* _What you should do_:
An exact copy of all the data below is needed, without its pictures.

▼

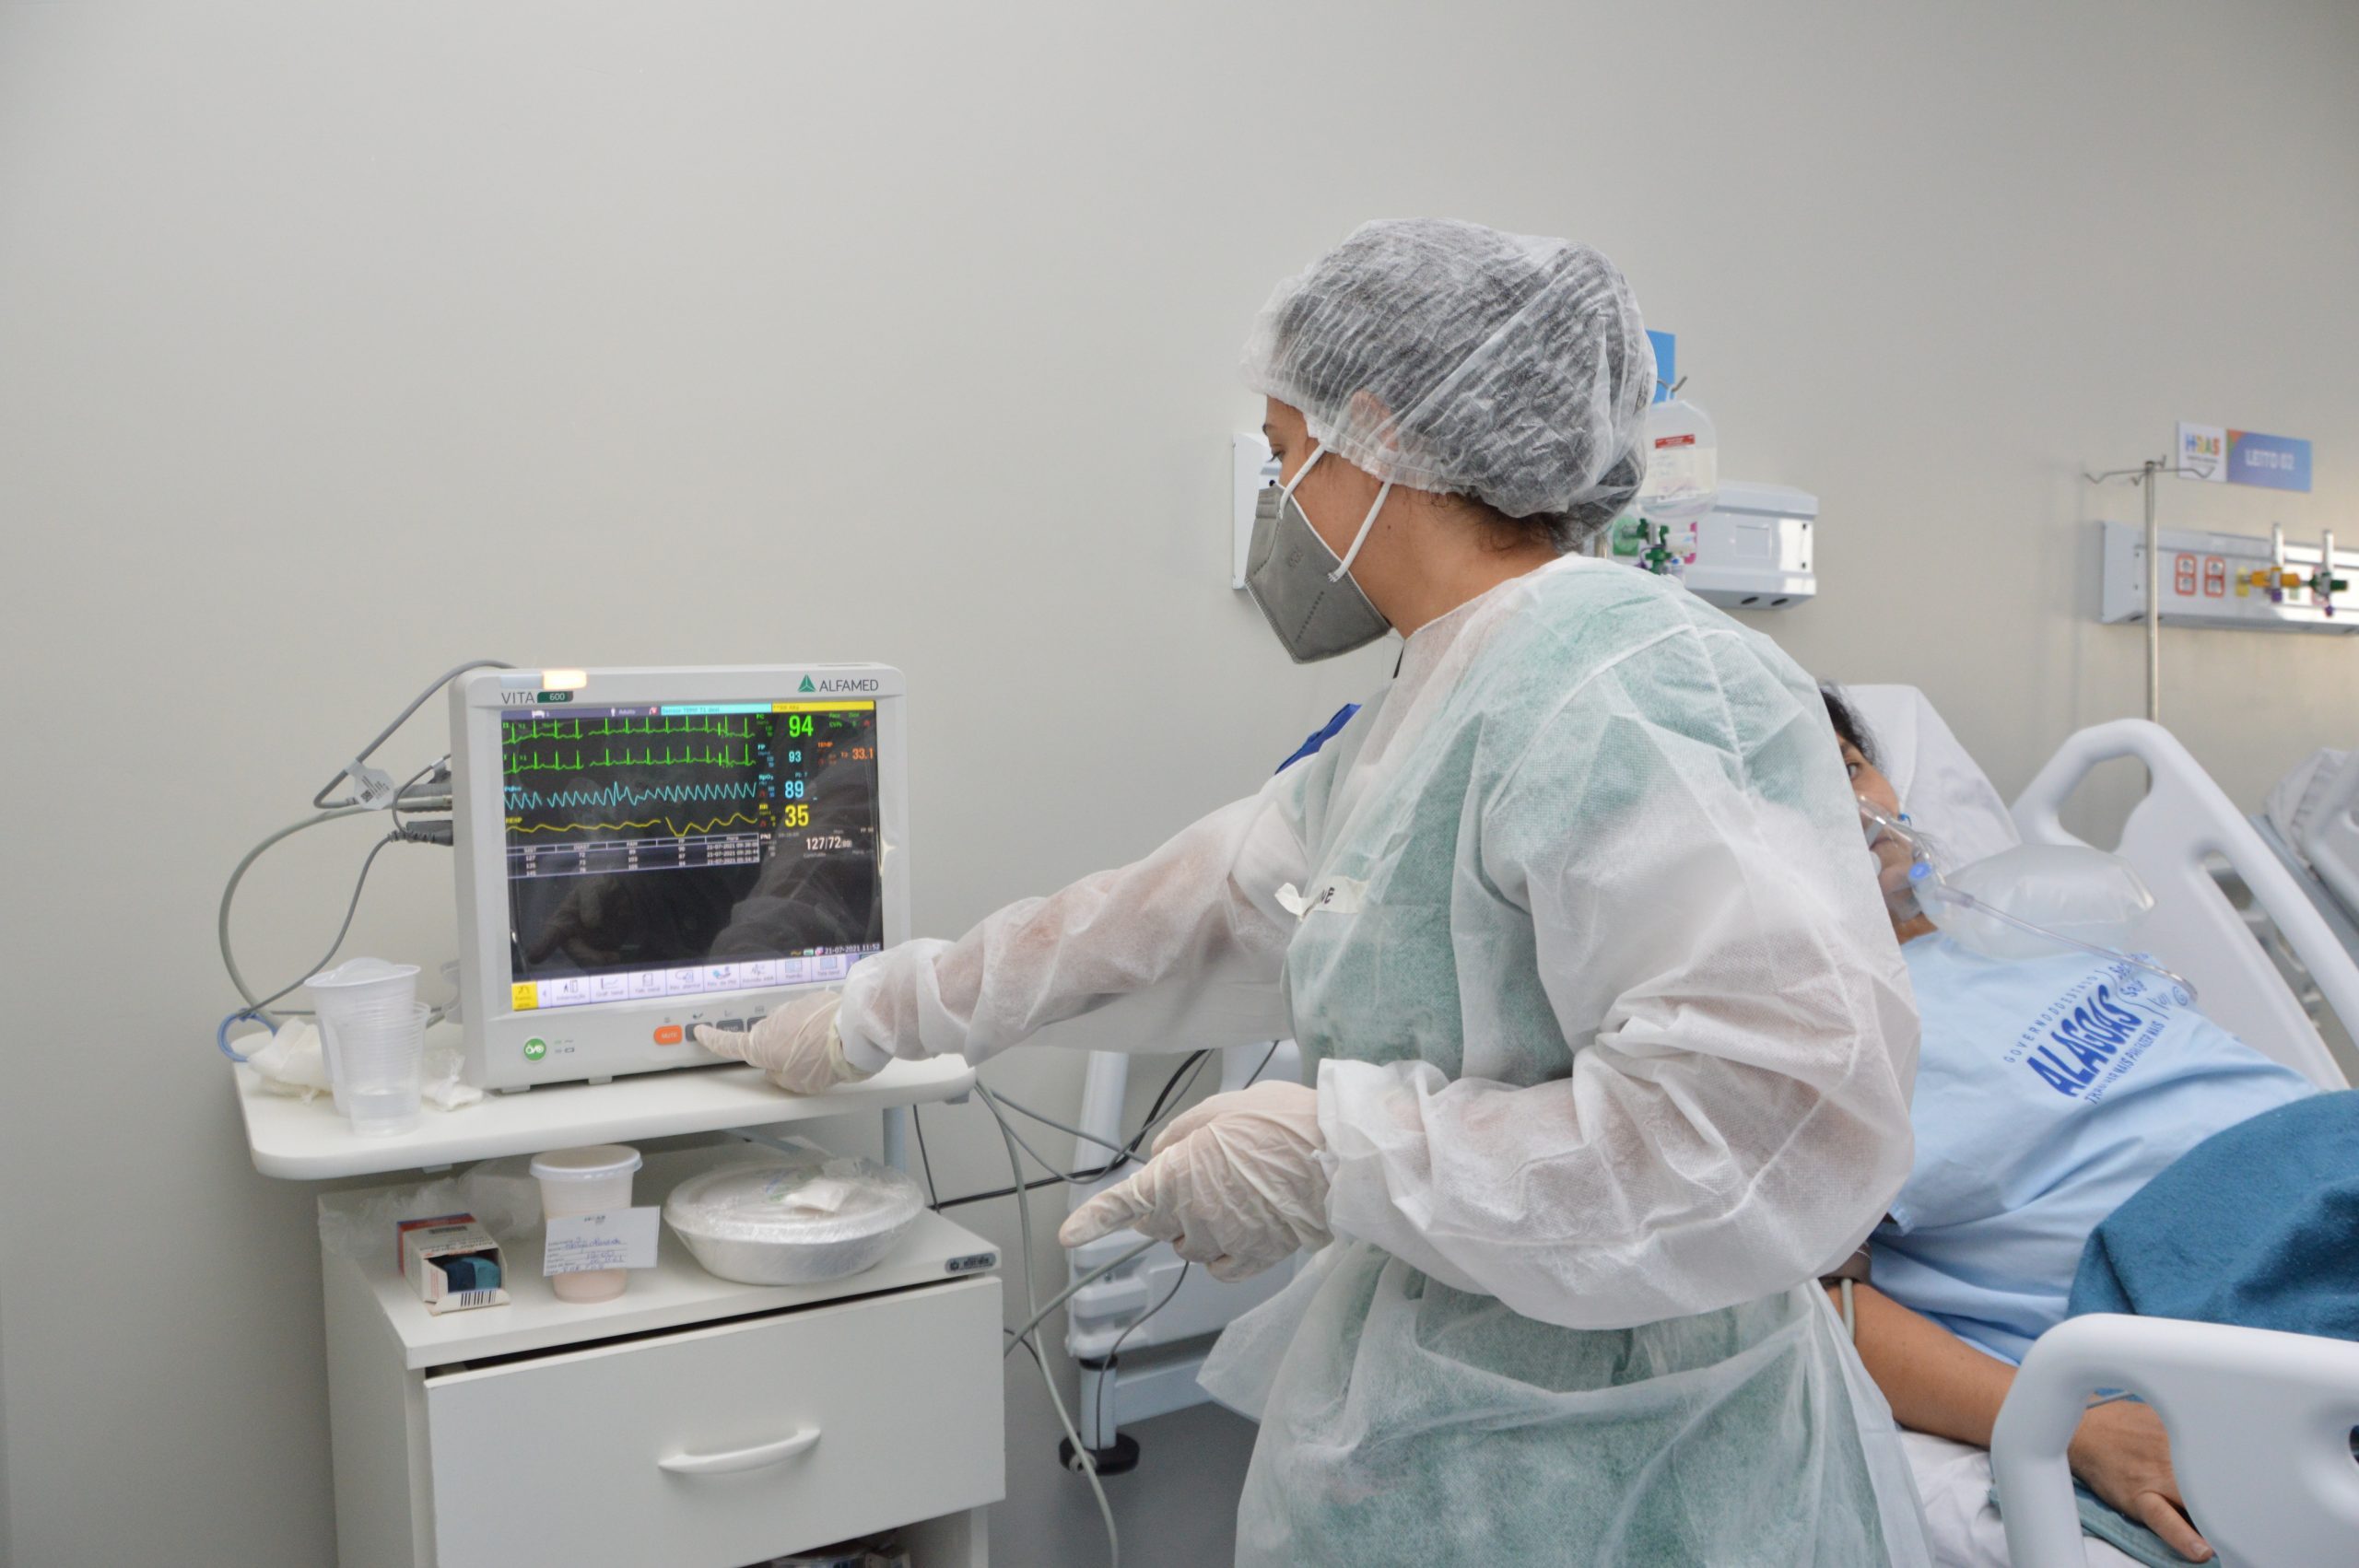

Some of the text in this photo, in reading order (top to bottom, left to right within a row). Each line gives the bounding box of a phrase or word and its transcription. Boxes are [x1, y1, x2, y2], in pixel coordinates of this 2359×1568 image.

[819, 680, 879, 692] ALFAMED
[501, 692, 566, 704] VITA 600
[789, 715, 814, 738] 94
[789, 750, 802, 763] 93
[852, 747, 874, 760] 33.1
[784, 780, 804, 799] 89
[784, 804, 809, 827] 35
[825, 944, 860, 954] 21-07-2021
[2026, 983, 2143, 1098] ALAGOAS

▲

* _Task response_:
Some of the text in this photo, in reading order (top to bottom, left to right within a row). Each line gives the bounding box of a phrase or word and its transcription. Boxes are [x1, y1, x2, y2], in pixel coordinates of this 2359×1568 image.

[819, 680, 879, 692] ALFAMED
[501, 692, 566, 704] VITA 600
[789, 715, 814, 738] 94
[789, 750, 802, 763] 93
[852, 747, 874, 760] 33.1
[784, 780, 804, 799] 89
[784, 804, 809, 827] 35
[825, 944, 860, 954] 21-07-2021
[2026, 983, 2143, 1098] ALAGOAS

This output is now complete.